▶ Description of the task:
Exactly as they stand, give the records below again, with no images.

▶ Extracted material:
* * *

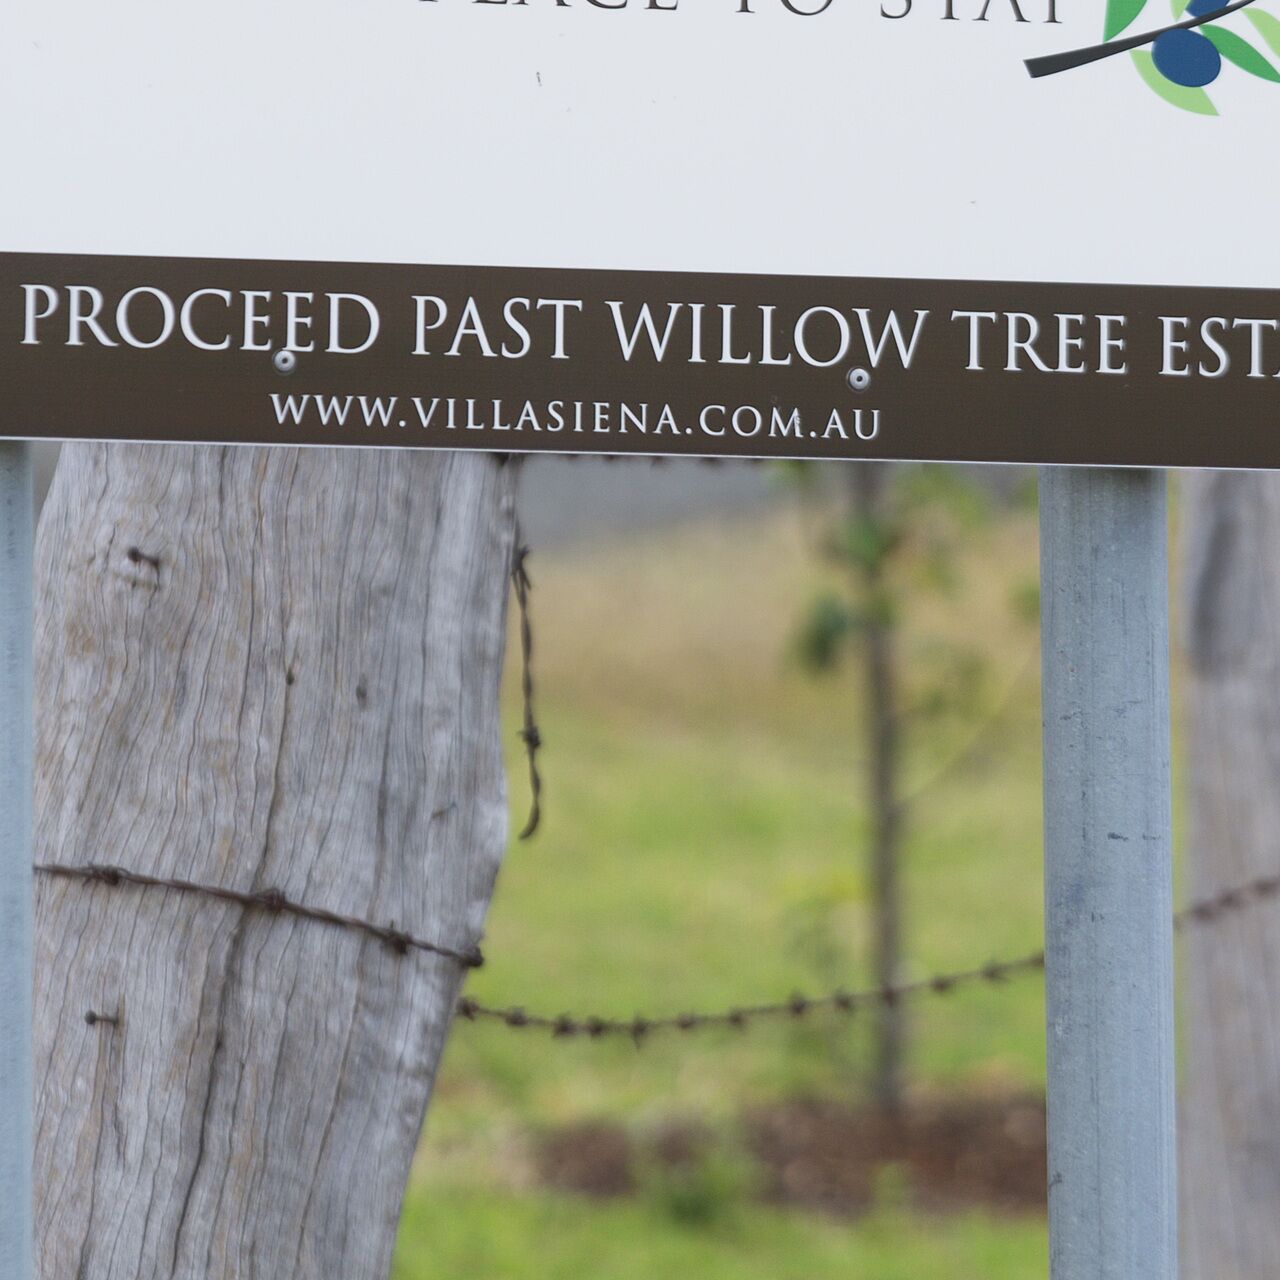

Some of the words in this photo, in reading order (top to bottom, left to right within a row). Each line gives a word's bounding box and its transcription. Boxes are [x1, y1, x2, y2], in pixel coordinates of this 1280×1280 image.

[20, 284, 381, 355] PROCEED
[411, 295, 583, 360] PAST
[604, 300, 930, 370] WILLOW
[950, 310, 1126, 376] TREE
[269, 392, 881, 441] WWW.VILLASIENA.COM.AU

* * *

▶ Task answer:
Some of the words in this photo, in reading order (top to bottom, left to right within a row). Each line gives a word's bounding box and its transcription. Boxes are [x1, y1, x2, y2], in pixel coordinates of this 1280×1280 image.

[20, 284, 381, 355] PROCEED
[411, 295, 583, 360] PAST
[604, 300, 930, 370] WILLOW
[950, 310, 1126, 376] TREE
[269, 392, 881, 441] WWW.VILLASIENA.COM.AU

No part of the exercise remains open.